50ml gin (I used Silent Pool here)
15ml freshly squeezed lemon juice
15ml maraschino liqueur (or King’s Ginger)
15ml creme de violette
A maraschino cherry, to garnish (I always use Luxardo cherries - not cheap, but extraordinarily delicious and as far removed from the maraschino cherries of your parents’ drinks cabinet as a Valrhona chocolate disc is from a Cadbury’s chocolate button)
Half fill a cocktail shaker with ice and pour all the liquid ingredients in. Shake well together and strain into a Nick and Nora glass. Drop in a maraschino cherry and serve.
The Chocolate Cherry Brownie
This is one of the few cocktails I have devised myself, when I was doing what writer Ella Risbridger describes as the mental Rubik's Cube of thinking about ingredients and flavours: “this goes with this, so would this go with…this?”. I had bought a bottle of Guignolet (a sour cherry liqueur) in France because I was intrigued by it, and was looking at ways to incorporate it into a cocktail. I ended up with a version of the classic Champagne cocktail that started this whole obsession. I realise that this recipe is incredibly niche, and that many of my readers won't have these ingredients to hand. But I’m going to share it with you anyway, because I’m proud of it, and it might inspire someone to create their own version with whatever they have to hand.
1 brown sugar cube
2 dashes Fee Brothers Black Walnut Bitters
25ml Guignolet sour cherry liqueur
Champagne or cremant
Place the sugar cube in a coupe glass and douse with the bitters. Pour over the Guignolet and top up the glass carefully with the champagne or cremant. Sharp, fruity top notes; lovely toasty, nutty, caramelly flavours left on the palate, which intensify as the sugar cube dissolves. Cin cin!

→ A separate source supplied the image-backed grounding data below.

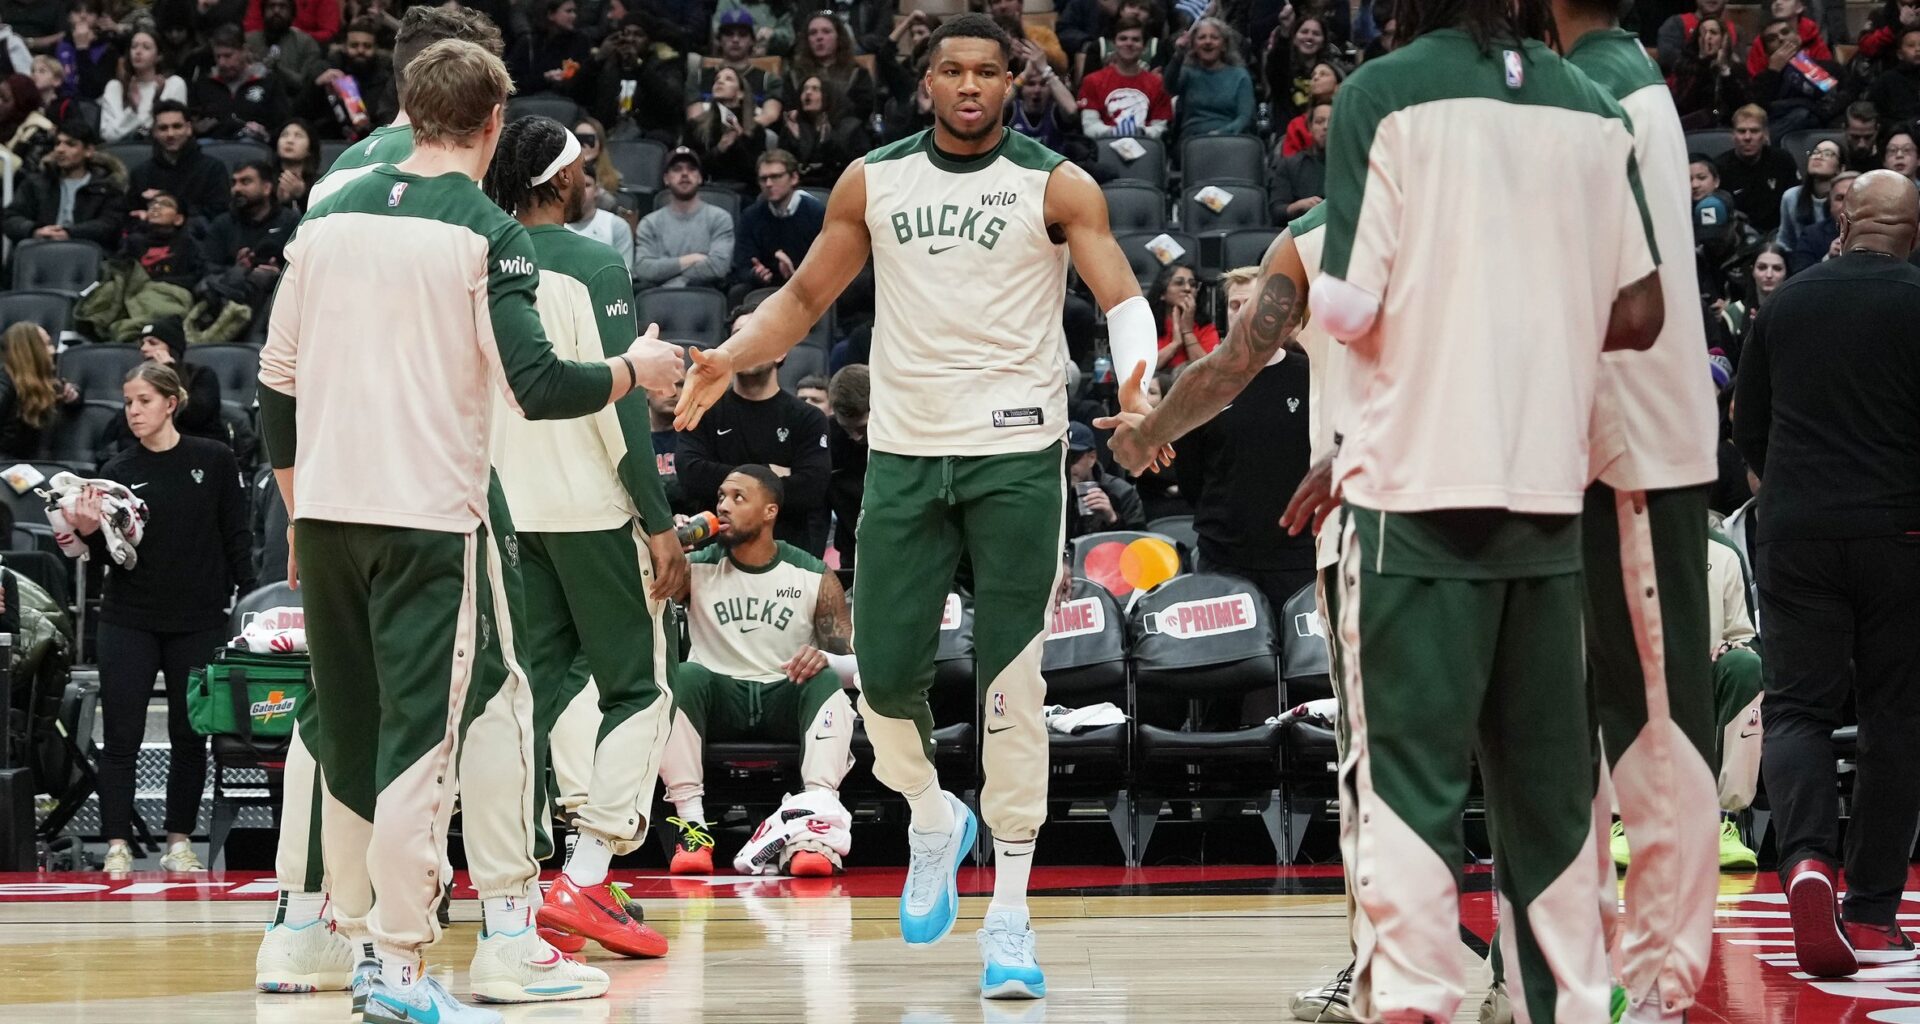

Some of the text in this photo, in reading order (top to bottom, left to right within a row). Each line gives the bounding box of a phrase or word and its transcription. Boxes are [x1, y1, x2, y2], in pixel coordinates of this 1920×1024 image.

[980, 191, 1017, 206] wilo
[891, 204, 1008, 250] BUCKS
[500, 255, 534, 275] wilo
[605, 299, 629, 317] wilo
[776, 586, 802, 599] wilo
[713, 597, 794, 631] BUCKS
[1051, 603, 1095, 634] IME
[1177, 599, 1247, 634] PRIME
[252, 701, 292, 714] Gatorade
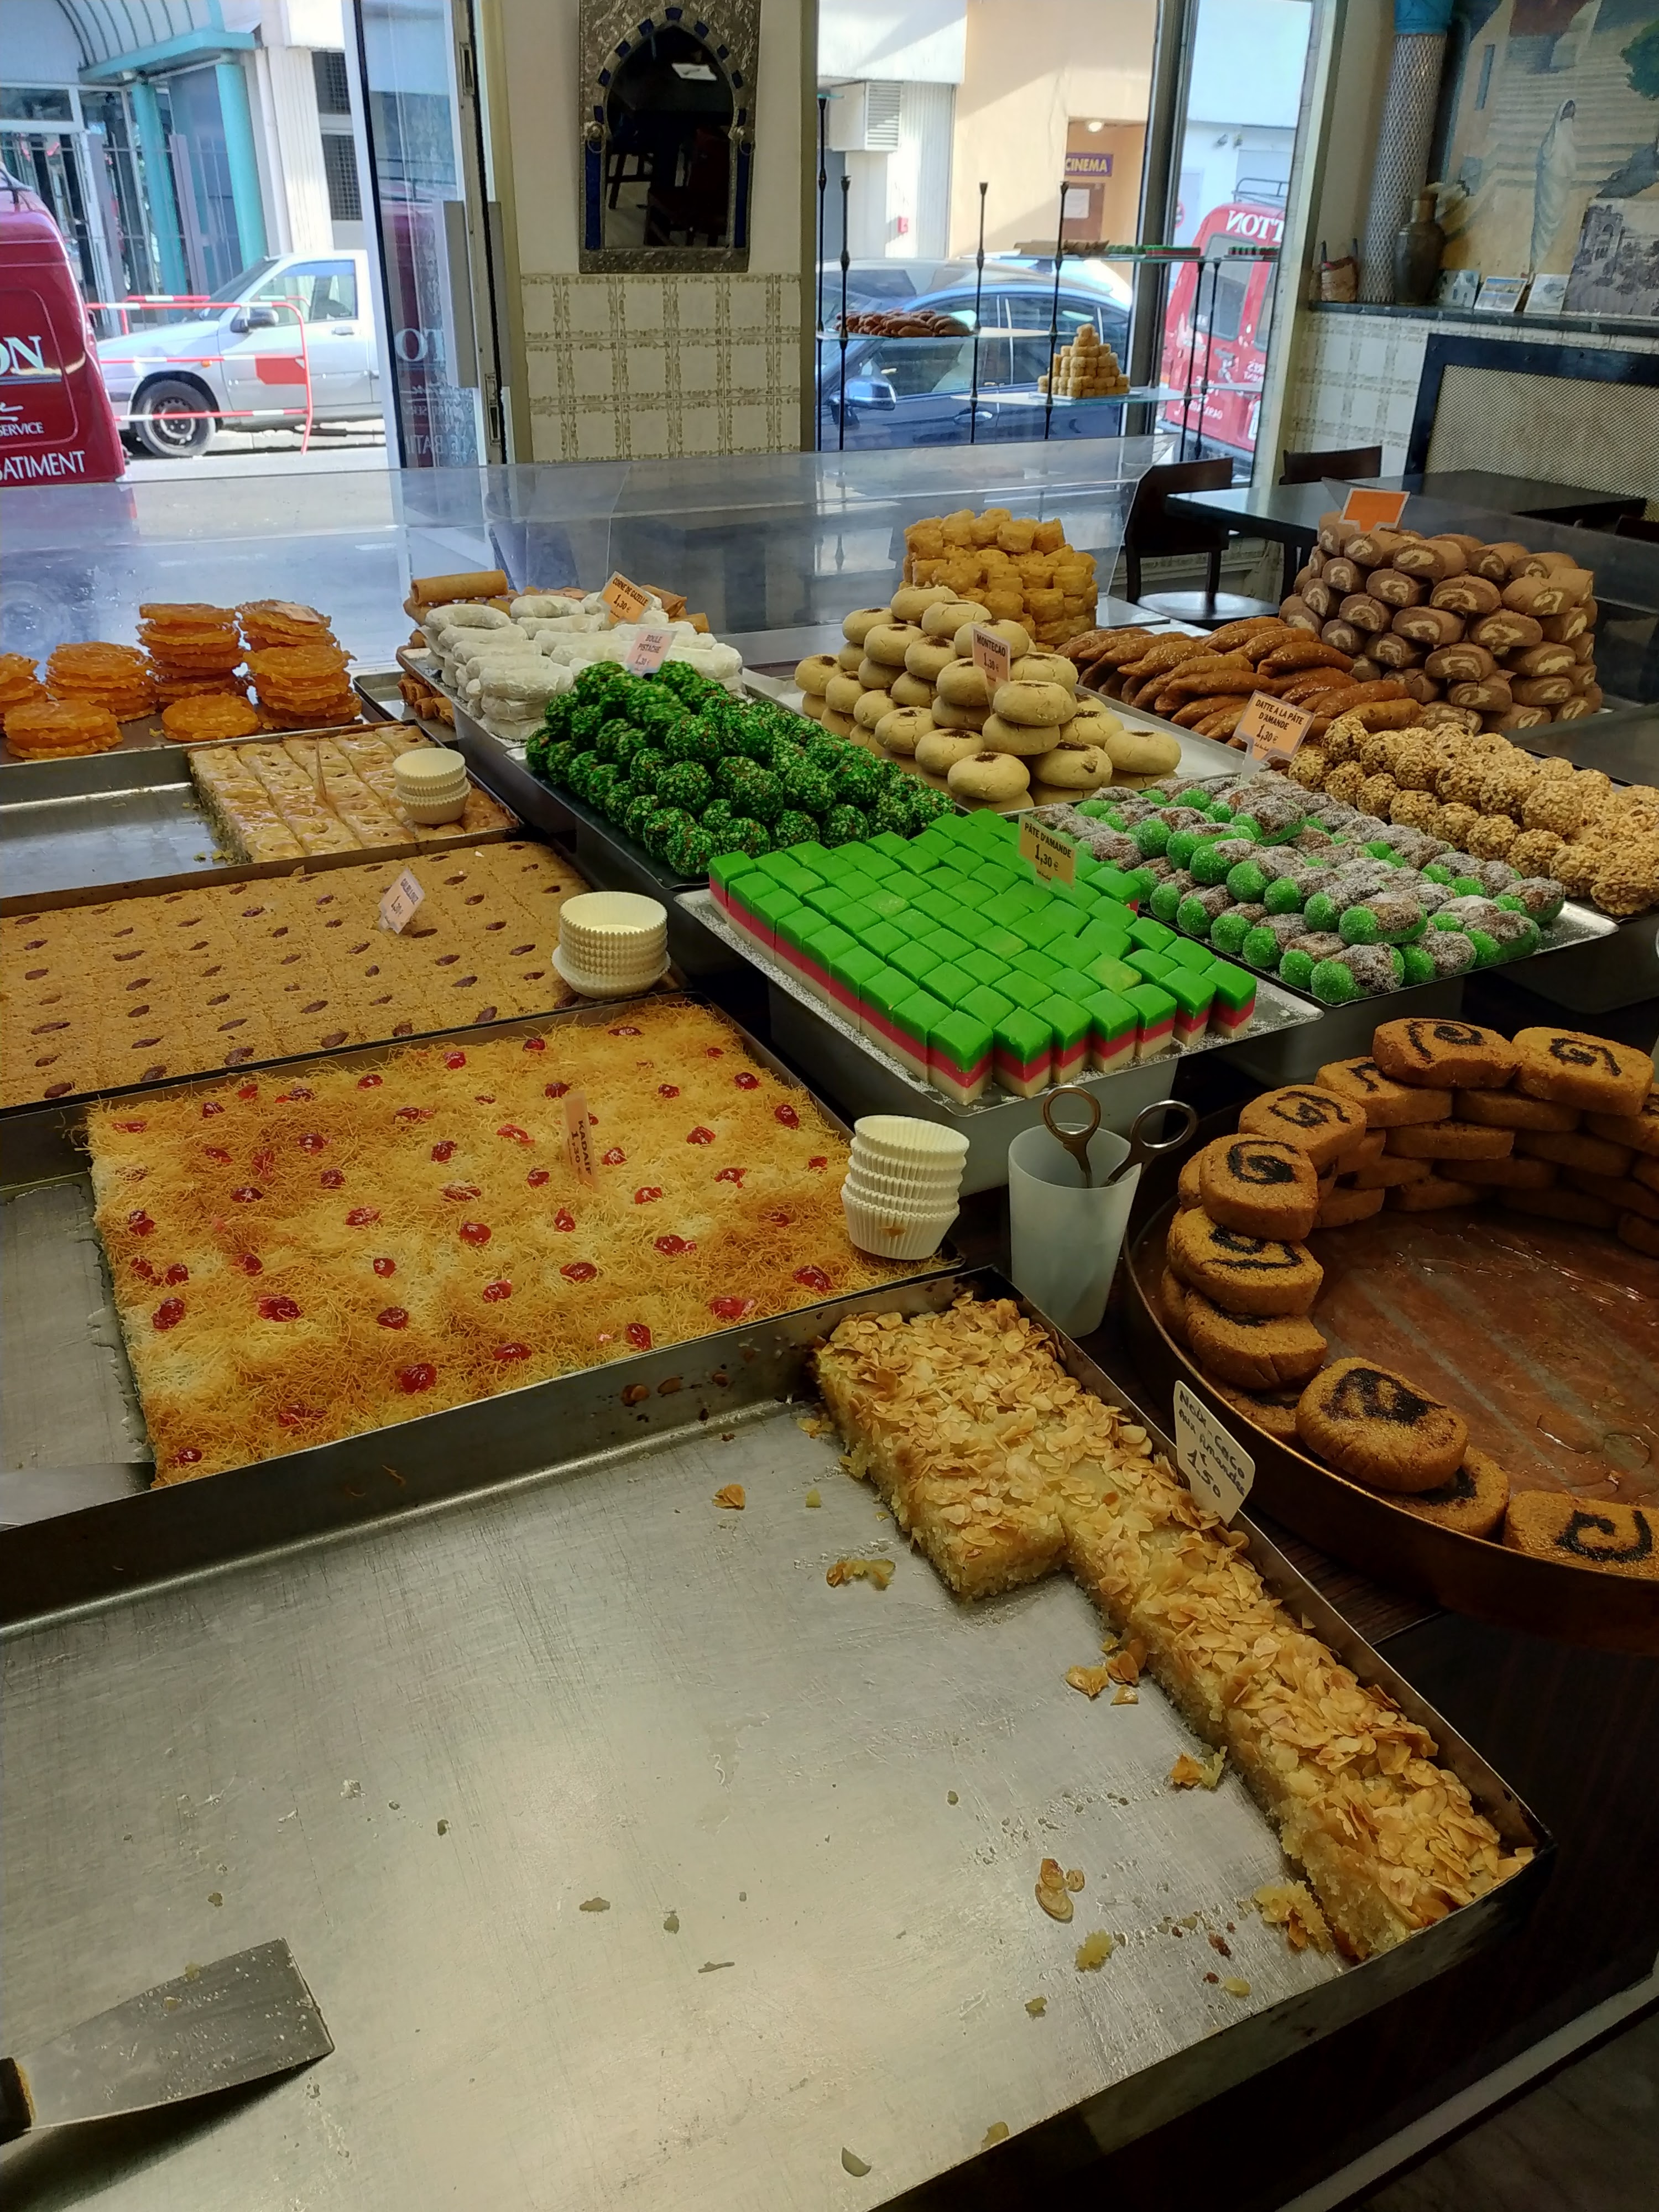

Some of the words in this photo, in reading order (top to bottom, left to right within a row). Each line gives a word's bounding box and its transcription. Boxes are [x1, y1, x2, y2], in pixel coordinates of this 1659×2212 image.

[1065, 158, 1108, 173] CINEMA
[612, 577, 628, 593] CORNE
[625, 586, 632, 596] DE
[630, 589, 649, 607] GAZELLE
[613, 594, 628, 611] 1,30
[977, 634, 1006, 657] MONTECAO
[984, 652, 995, 671] 1,30
[1255, 699, 1275, 713] DATTE
[1279, 708, 1287, 719] LA
[1287, 712, 1305, 725] PÂTE
[1258, 712, 1290, 730] D'AMANDE
[1256, 724, 1273, 742] 1,30
[1272, 735, 1279, 744] €
[1024, 823, 1039, 838] PÂTE
[1040, 833, 1072, 859] D'AMANDE
[1035, 843, 1052, 868] 1,30
[1053, 861, 1059, 872] €
[578, 1120, 592, 1176] KADAIF
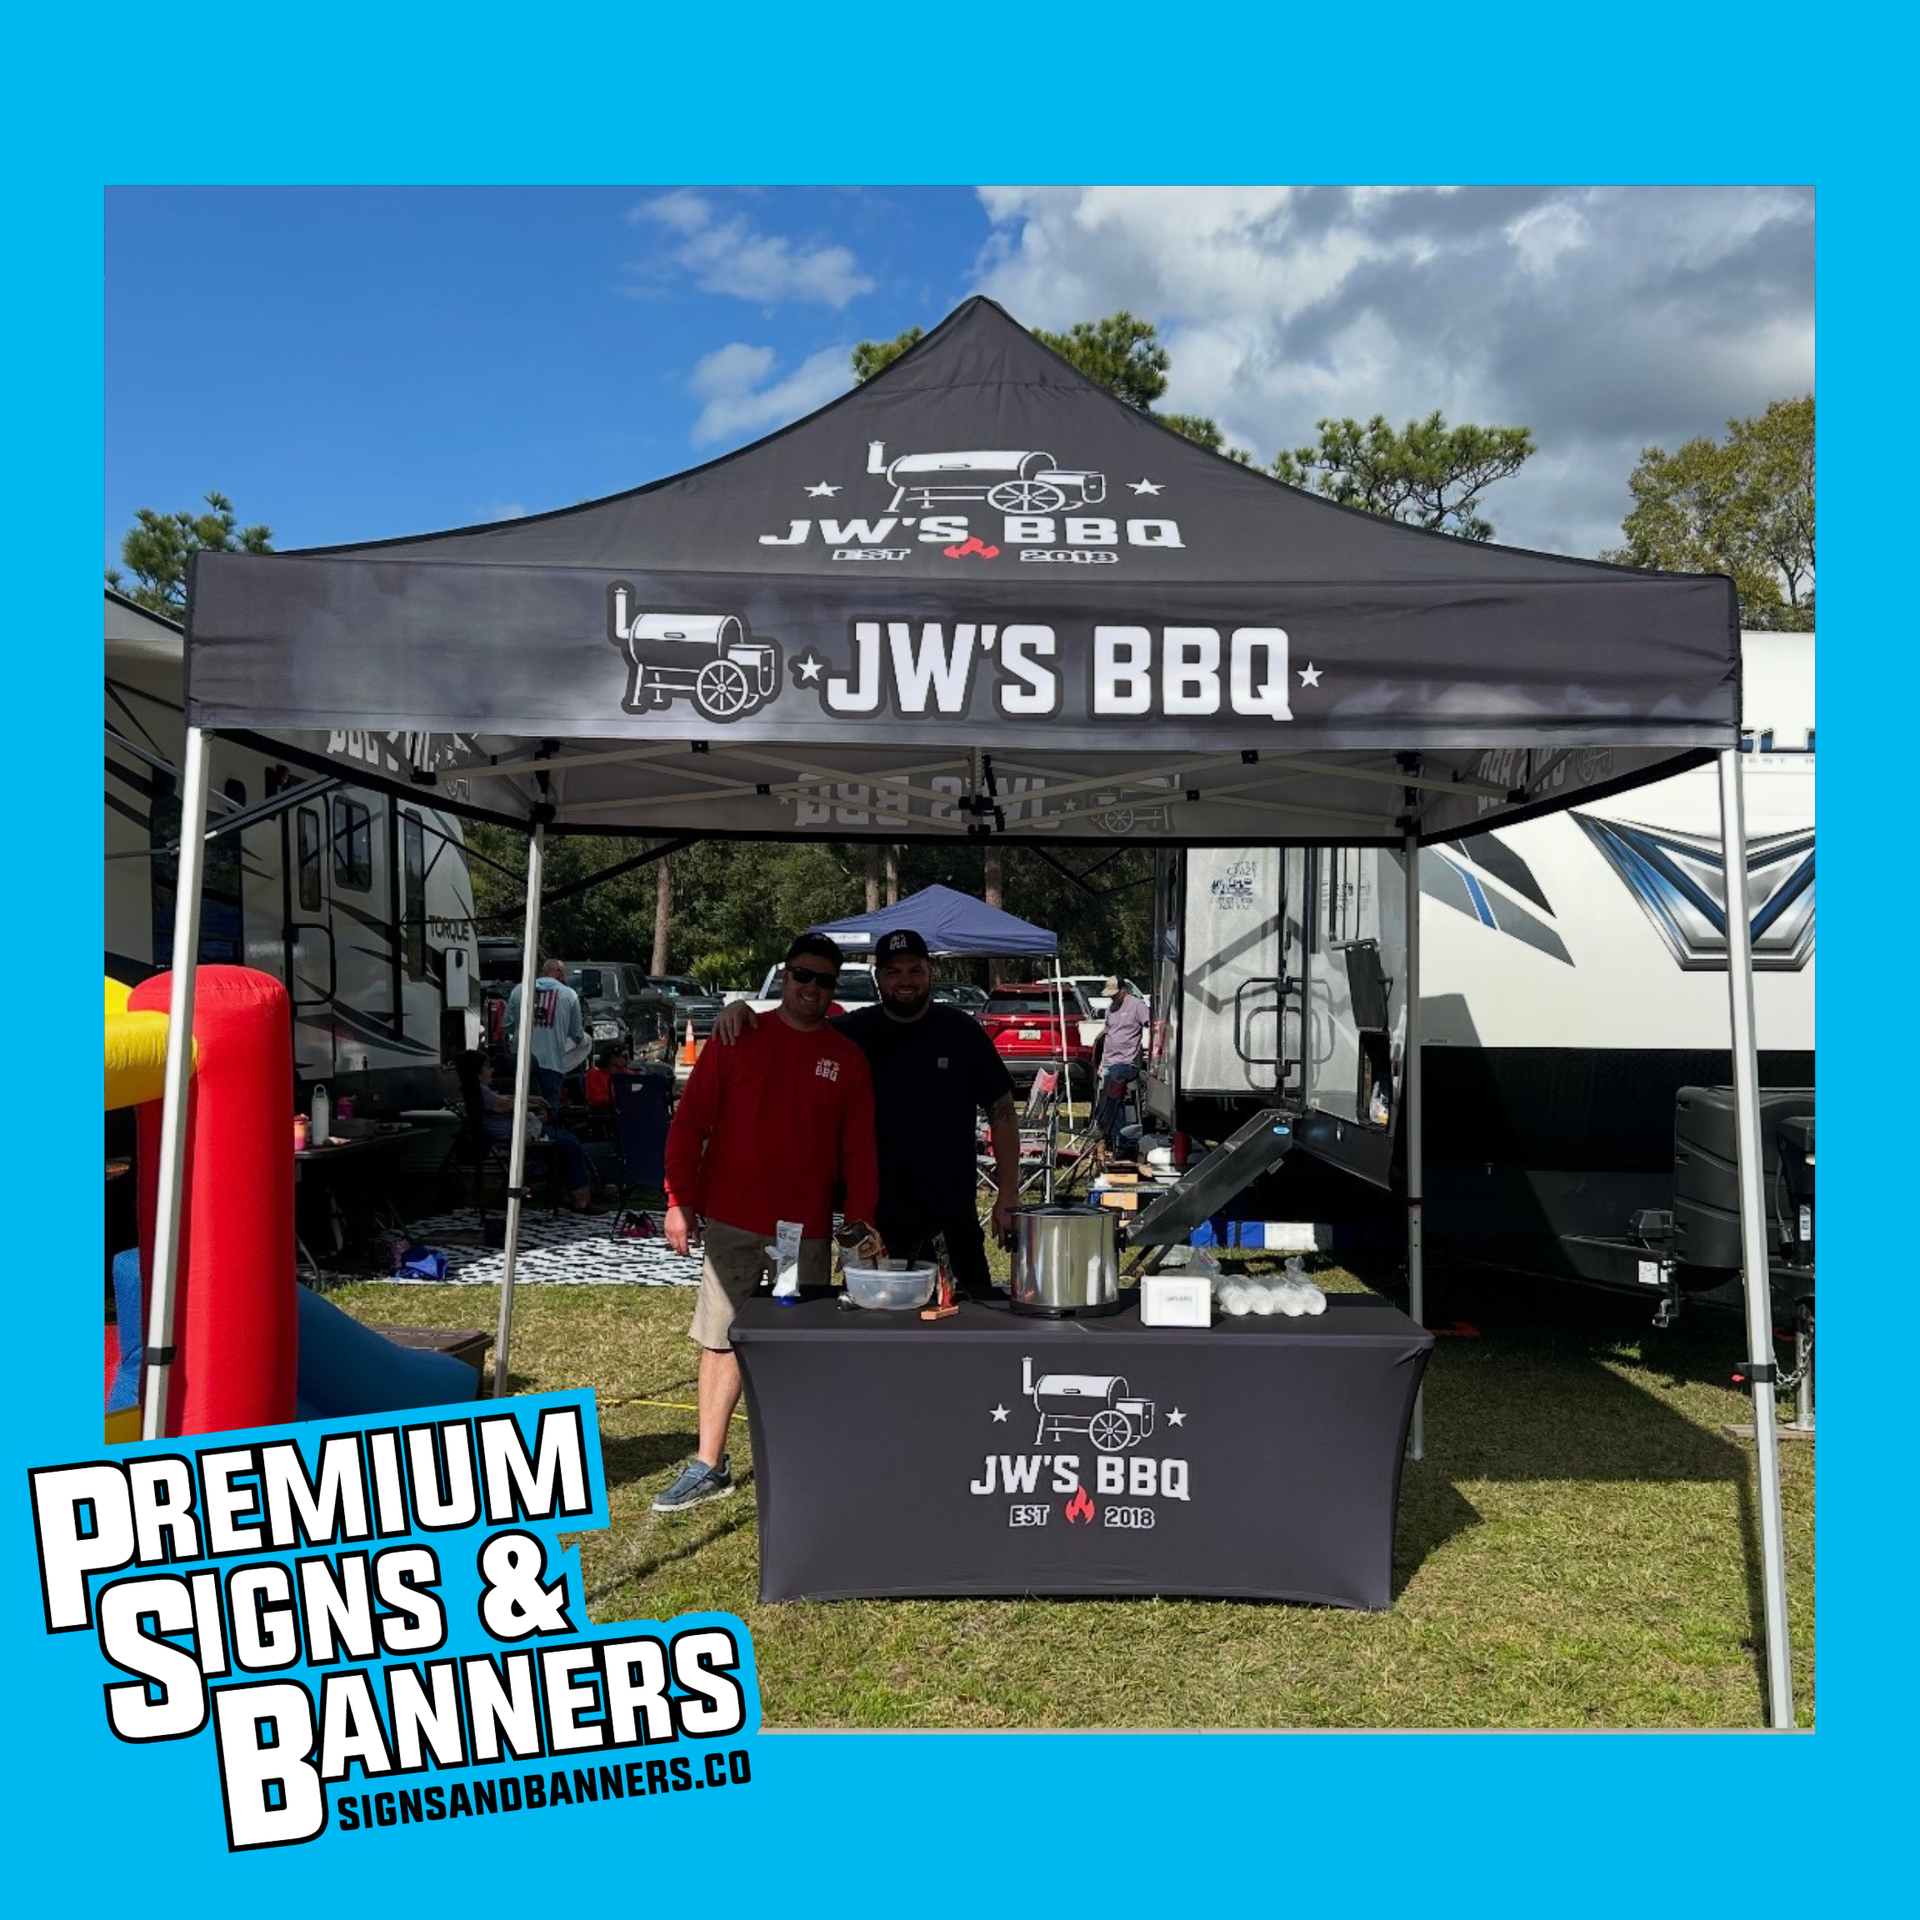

A slight disclaimer here. Unlike several people I know, I was lucky enough to have grown up in a family unblighted by alcoholism. I am in no way advocating drinking to excess or, for those with addictive personalities, drinking at all. My friend Stuart and I once watched a documentary about Ulrika Johnson’s addictive personality (the only thing I remember about it was that she had equine therapy and the earnest American therapist was following her around as she was stroking horses asking, “How are you feeling in your BAHHHHDY right now?”) and having a serious discussion about whether either of us had an addictive personality. We concluded, somewhat gratefully, that we didn't - we were just…quite greedy. So I offer these cocktails to you as one greedy gourmand to another - but I won't be offended if you’d rather have a kombucha or a nice cup of tea. Bottoms up!